#### [Problem to solve]
The line with "this 1280×960 image." starts the range, and the last line of the listing ends it. Retype that range exactly, without pictures.

#### [Data to process]
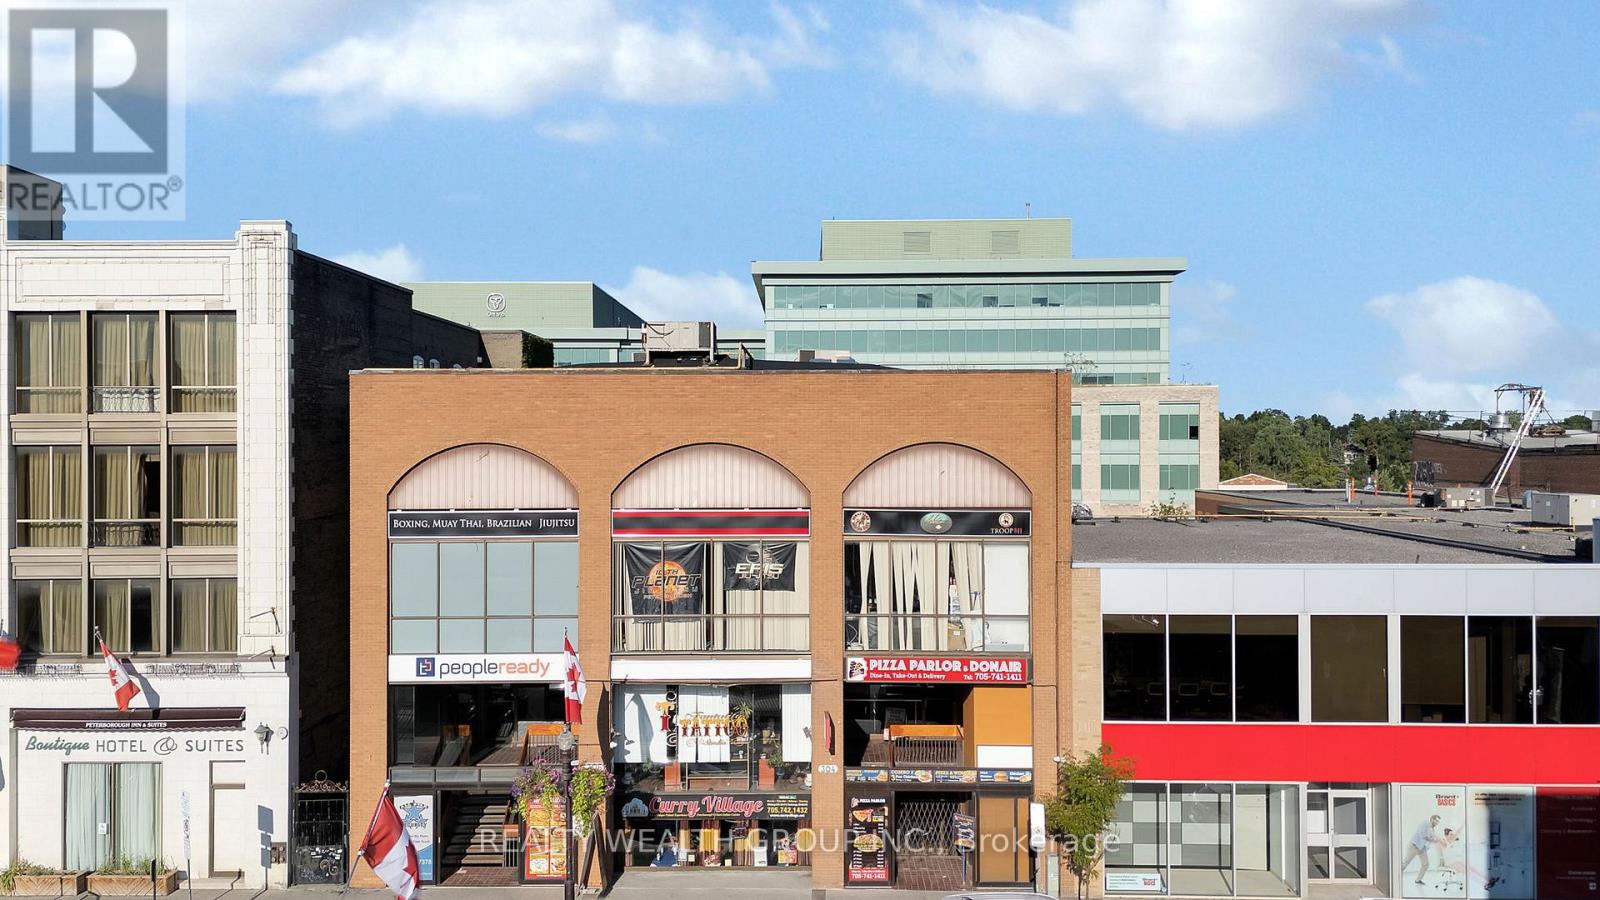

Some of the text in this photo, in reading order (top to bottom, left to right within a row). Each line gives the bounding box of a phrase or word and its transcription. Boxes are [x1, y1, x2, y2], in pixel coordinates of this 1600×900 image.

[393, 519, 575, 529] BOXING, MUAY THAI, BRAZILIAN JIUJITSU
[439, 658, 550, 679] peopleready
[869, 659, 907, 671] PIZZA
[909, 660, 962, 672] PARLOR
[969, 660, 1022, 673] DONAIR
[923, 673, 946, 681] Delivery
[25, 735, 90, 756] Boutique
[96, 739, 147, 752] HOTEL
[185, 739, 244, 752] SUITES
[649, 795, 764, 818] Curry Village
[767, 806, 808, 814] 705.742.1432
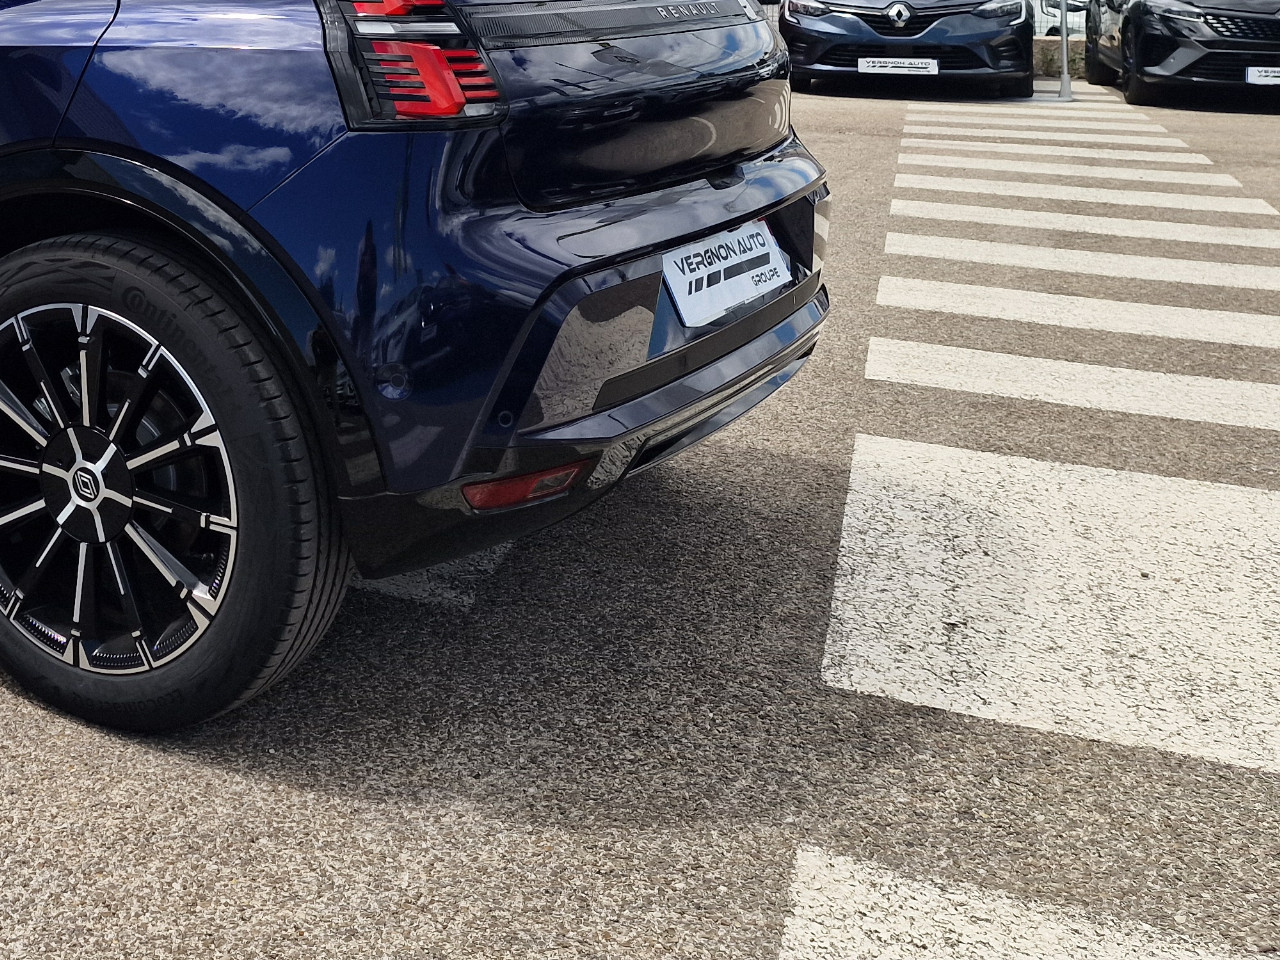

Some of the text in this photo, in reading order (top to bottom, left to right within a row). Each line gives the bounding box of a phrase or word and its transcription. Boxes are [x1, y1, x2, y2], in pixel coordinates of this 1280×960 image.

[656, 2, 720, 20] RENAULT
[673, 231, 766, 276] VERGNON AUTO
[751, 267, 781, 287] GROUPE
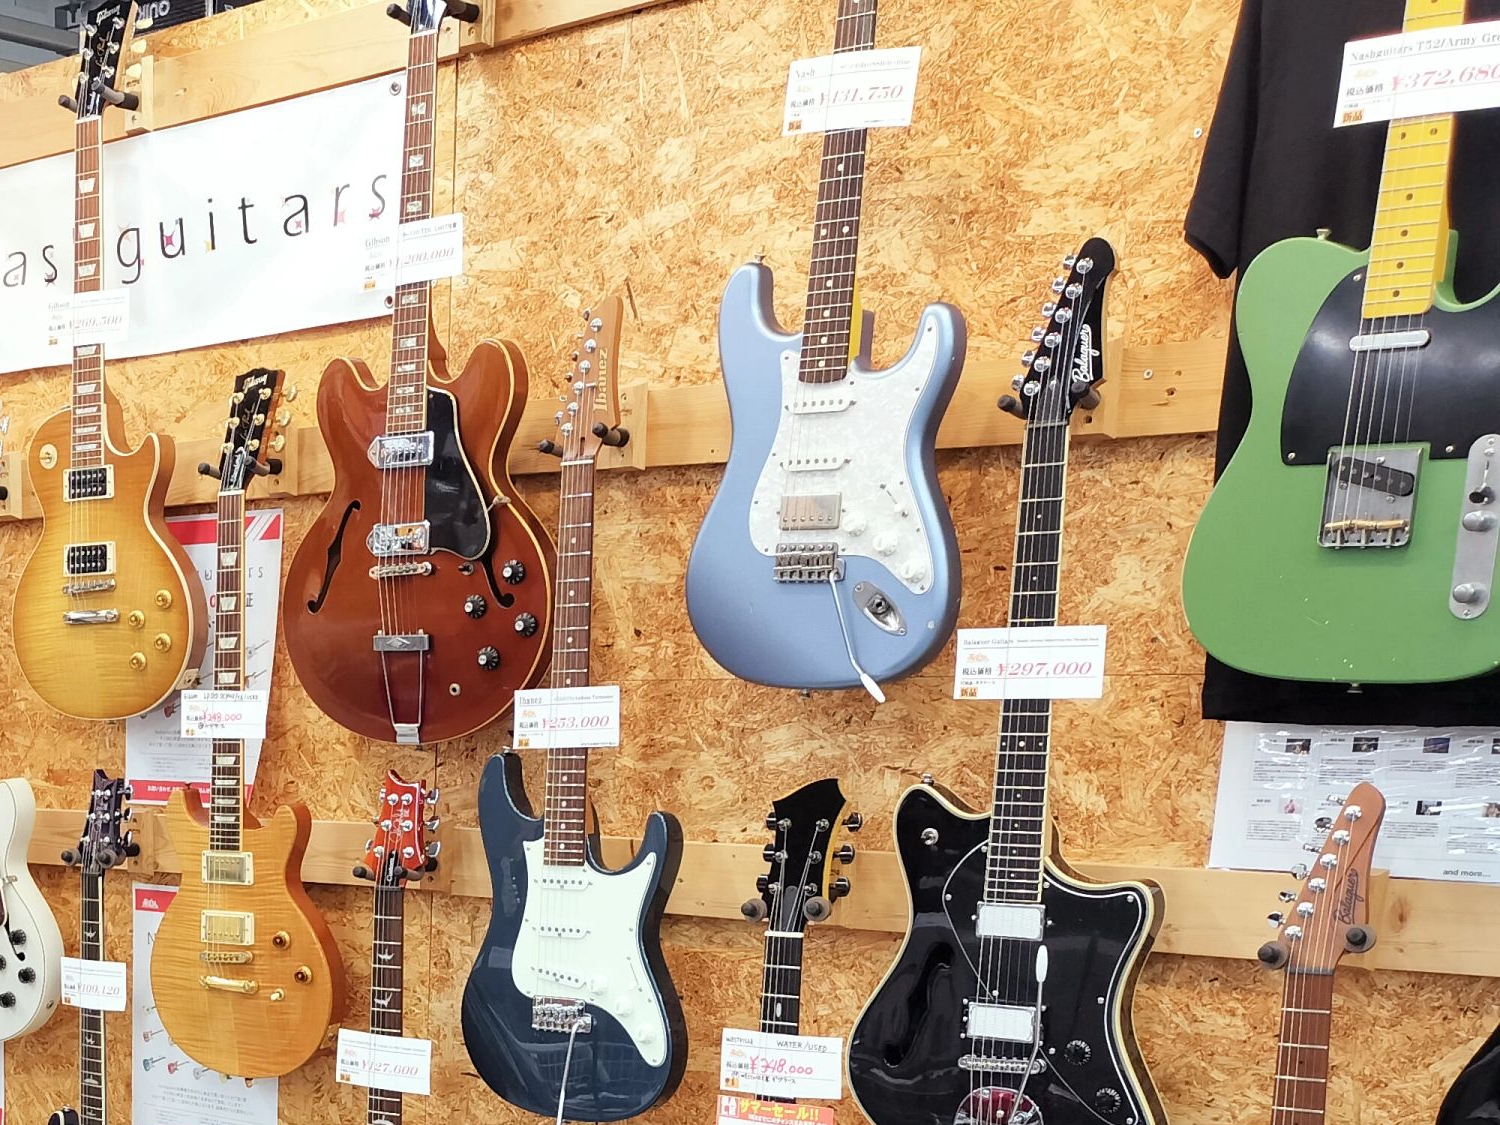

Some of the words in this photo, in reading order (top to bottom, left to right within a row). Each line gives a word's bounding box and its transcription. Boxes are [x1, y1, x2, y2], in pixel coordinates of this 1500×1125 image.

[1351, 43, 1413, 61] Nashguitars
[1416, 33, 1478, 53] T52/Army
[1346, 82, 1384, 98] 税込価格
[115, 172, 388, 285] guitars
[1072, 323, 1100, 383] Balaguer
[243, 373, 268, 393] Gibson
[593, 347, 608, 412] Ibanez
[962, 667, 992, 676] 税込価格
[996, 661, 1092, 678] ¥297,000
[542, 715, 609, 730] ¥253,000
[1443, 869, 1463, 878] and
[776, 1039, 828, 1053] WATER/USED
[739, 1099, 819, 1121] サマーセール!!

#### [Answer for this exercise]
Some of the text in this photo, in reading order (top to bottom, left to right within a row). Each line gives the bounding box of a phrase or word and its transcription. Boxes are [x1, y1, x2, y2], in pixel coordinates of this 1280×960 image.

[656, 2, 720, 20] RENAULT
[673, 231, 766, 276] VERGNON AUTO
[751, 267, 781, 287] GROUPE

Some of the words in this photo, in reading order (top to bottom, left to right within a row). Each line gives a word's bounding box and its transcription. Boxes are [x1, y1, x2, y2], in pixel coordinates of this 1500×1125 image.

[1351, 43, 1413, 61] Nashguitars
[1416, 33, 1478, 53] T52/Army
[1346, 82, 1384, 98] 税込価格
[115, 172, 388, 285] guitars
[1072, 323, 1100, 383] Balaguer
[243, 373, 268, 393] Gibson
[593, 347, 608, 412] Ibanez
[962, 667, 992, 676] 税込価格
[996, 661, 1092, 678] ¥297,000
[542, 715, 609, 730] ¥253,000
[1443, 869, 1463, 878] and
[776, 1039, 828, 1053] WATER/USED
[739, 1099, 819, 1121] サマーセール!!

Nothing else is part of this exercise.